The story of Conceiçãozinha contains a surprising amount of information about Brazilian life, manners, and character. Much of it, of course, is what one might expect to find in any Latin American country. Brazilians love children. They are highly emotional and not ashamed of it. Family feeling is very strong. They are Roman Catholics, at least in outward behavior. They are franker than Anglo-Saxons about extramarital love, and they are tolerant of miscegenation. Also — as one would expect in a very poor and in many ways backward country — many people are illiterate; there are feebleminded people at large who in other countries might be in institutions; and hospitals may not always be run with streamlined efficiency. So far it is all fairly predictable.

But there is more to it than that. The story immediately brings to mind one of Brazil’s worst, and certainly most shocking, problems: that of infant mortality. Why all this sentimental, almost hysterical, concern over one small baby, when the infant mortality rate in Brazil is still one of the highest in the world? The details of Conceiçãozinha’s story are worth examining not only for the interesting light they throw on that contradictory thing, the Brazilian character, but also because the tragic, unresolved problem they present is almost a paradigm of a good many other Brazilian problems, big and small.

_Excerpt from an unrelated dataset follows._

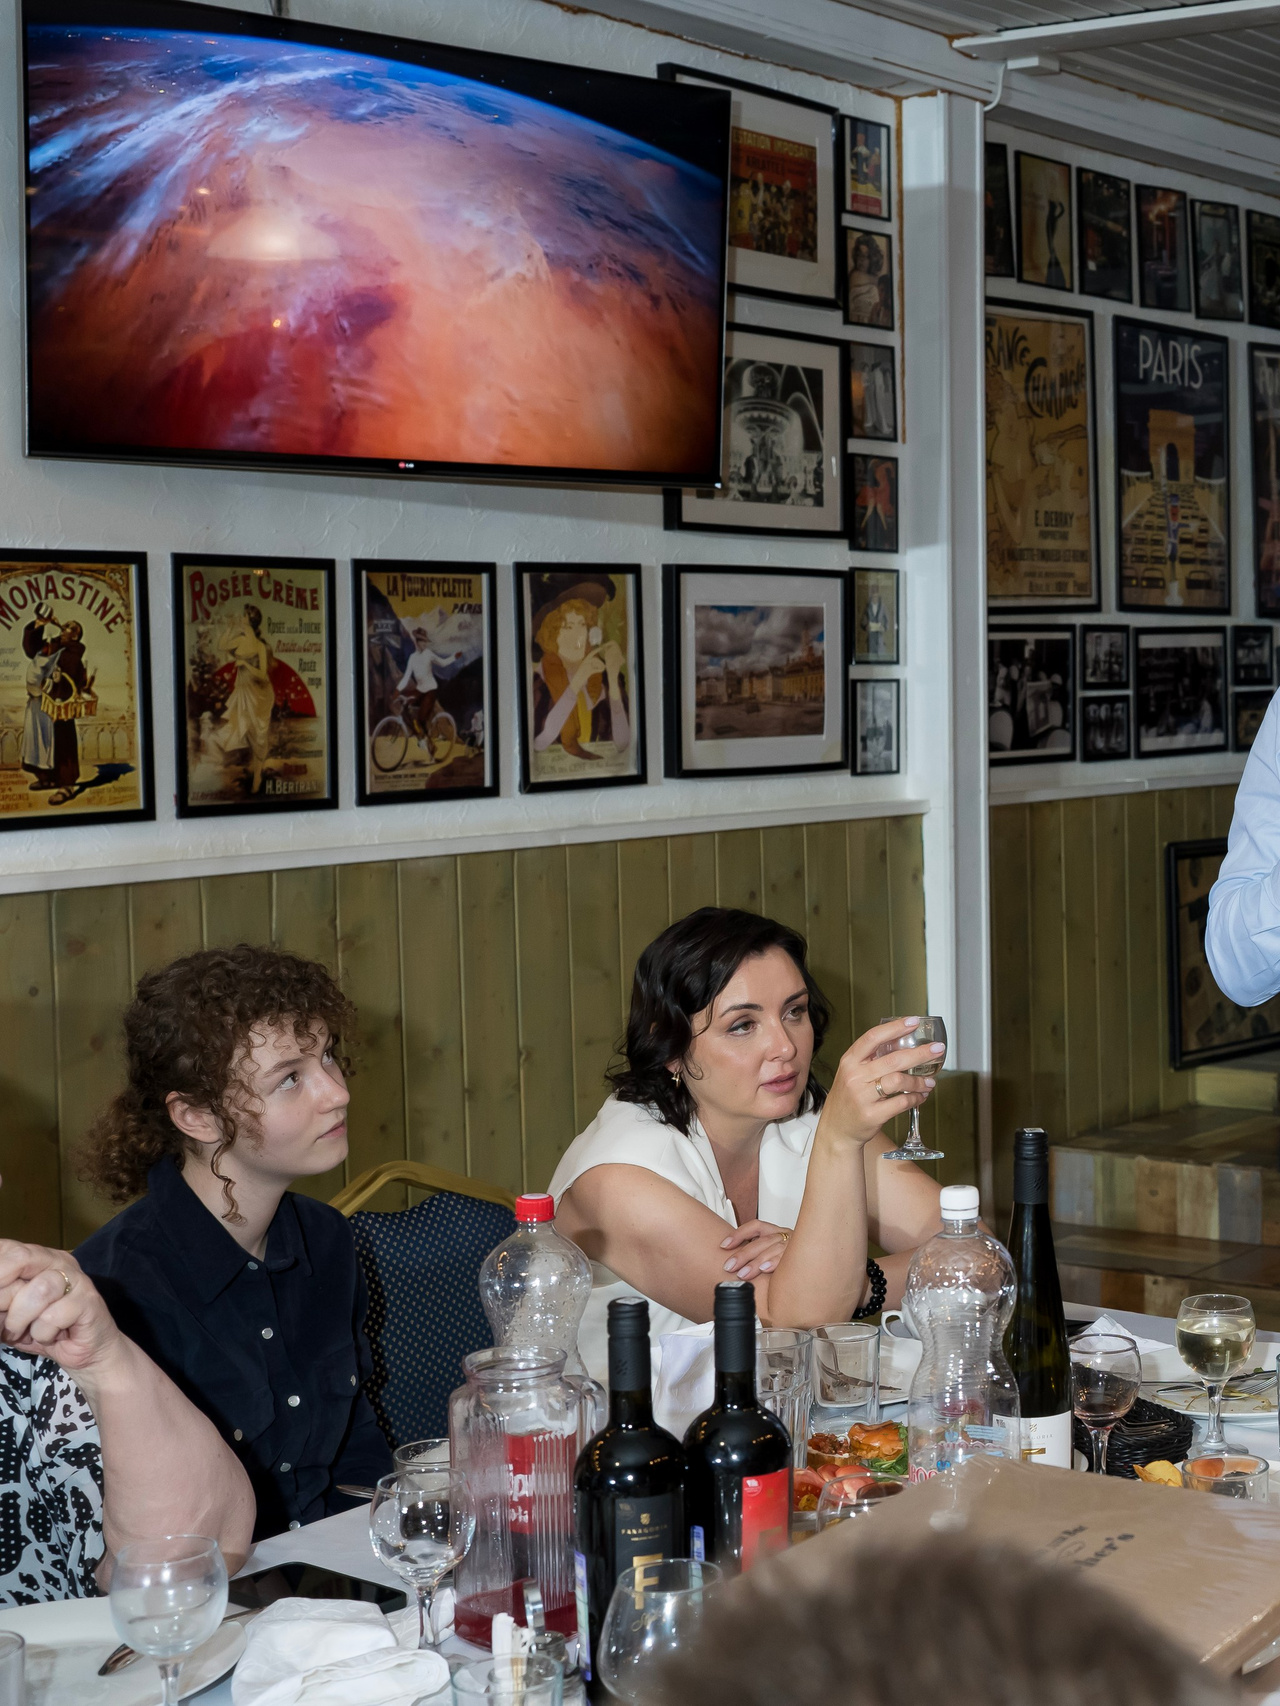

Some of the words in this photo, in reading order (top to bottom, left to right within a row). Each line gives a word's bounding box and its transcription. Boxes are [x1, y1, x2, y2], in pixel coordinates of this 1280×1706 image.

[1138, 334, 1204, 389] PARIS
[0, 575, 126, 634] MONASTINE
[386, 574, 399, 597] LA
[452, 603, 482, 615] PARIS

First there is the obvious devotion to children. As in other Latin countries, babies are everywhere. Everyone seems to know how to talk to infants or dandle them, and unself-consciously. It is said that two kinds of small business never fail in Brazil, infants’ wear shops and toy shops. The poorest workman will spend a disproportionate amount of his salary for a christening dress (or for milk if he happens to know it is vital to his child’s health). Parents love to dress up their offspring; the children’s costume balls are an important part of Carnival every year throughout the country.

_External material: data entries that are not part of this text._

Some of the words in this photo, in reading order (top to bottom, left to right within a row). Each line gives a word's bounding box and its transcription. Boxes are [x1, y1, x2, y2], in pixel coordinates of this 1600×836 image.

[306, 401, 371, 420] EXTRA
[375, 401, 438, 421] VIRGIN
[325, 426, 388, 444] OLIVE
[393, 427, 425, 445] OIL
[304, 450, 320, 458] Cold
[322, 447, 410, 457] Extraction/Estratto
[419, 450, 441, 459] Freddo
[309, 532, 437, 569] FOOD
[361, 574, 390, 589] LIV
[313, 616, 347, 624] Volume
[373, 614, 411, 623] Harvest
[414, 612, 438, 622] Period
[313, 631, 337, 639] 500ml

In Catholic Brazil there is no divorce and no legalized birth control, and large families are the rule. Sometimes families run to twenty or more, and five or six children seems to be average. Brazil is a very young country; more than 52 per cent of the population is under nineteen years old. Early marriage is normal, and a baby within a year is taken for granted. Children are almost always wanted — the first three or four at least — and adored.

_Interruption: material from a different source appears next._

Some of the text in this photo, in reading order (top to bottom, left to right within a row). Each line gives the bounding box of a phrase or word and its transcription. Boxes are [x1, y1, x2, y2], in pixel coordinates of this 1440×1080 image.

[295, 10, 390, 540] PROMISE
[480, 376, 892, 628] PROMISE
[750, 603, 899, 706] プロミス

And yet the infant mortality rate stays appallingly high. In the poorest and most backward regions of the great northeast bulge and the Amazon basin, it is as high as 50 per cent during the first year of life, sometimes even higher. The cities of Recife and Rio, with their large favelas, are two of the worst offenders. During the three days when Conceiçãozinha was hidden in the washerwoman’s shack, and survived, it is a safe guess that more than sixty babies died in Rio.

* * *

Most of this tragic waste of life is due to malnutrition. But often the malnutrition is due not so much to actual lack of food as to ignorance, a vicious circle in which poverty creates ignorance which then creates more poverty. In Rio, for example, there are many worthy free clinics. But fine doctors have been known to resign after working in them for years; they can no longer endure seeing the same children brought in time after time, sicker, weaker, and finally dying because the parents are too ignorant, or too superstitious, to follow simple instructions.

The masses of poor people in the big cities, and the poor and not-so-poor of the “backlands,” love their children and kill them with kindness by the thousands. The wrong foods, spoiled foods, worm medicines, sleeping syrups — all exact a terrible toll on the “little angels,” in paper-covered, gilt-trimmed coffins, blue for boys and pink for girls.

Nevertheless, the population of Brazil is increasing rapidly. Life expectancy has gone up considerably in the last few decades. The indomitable and apparently increasing vitality of Brazil shines through the grimmest death toll statistics. It is like the banana tree that grows everywhere in the country. Cut it back to a stump above ground, and in a matter of hours it sends up a new shoot and starts unfolding new green leaves.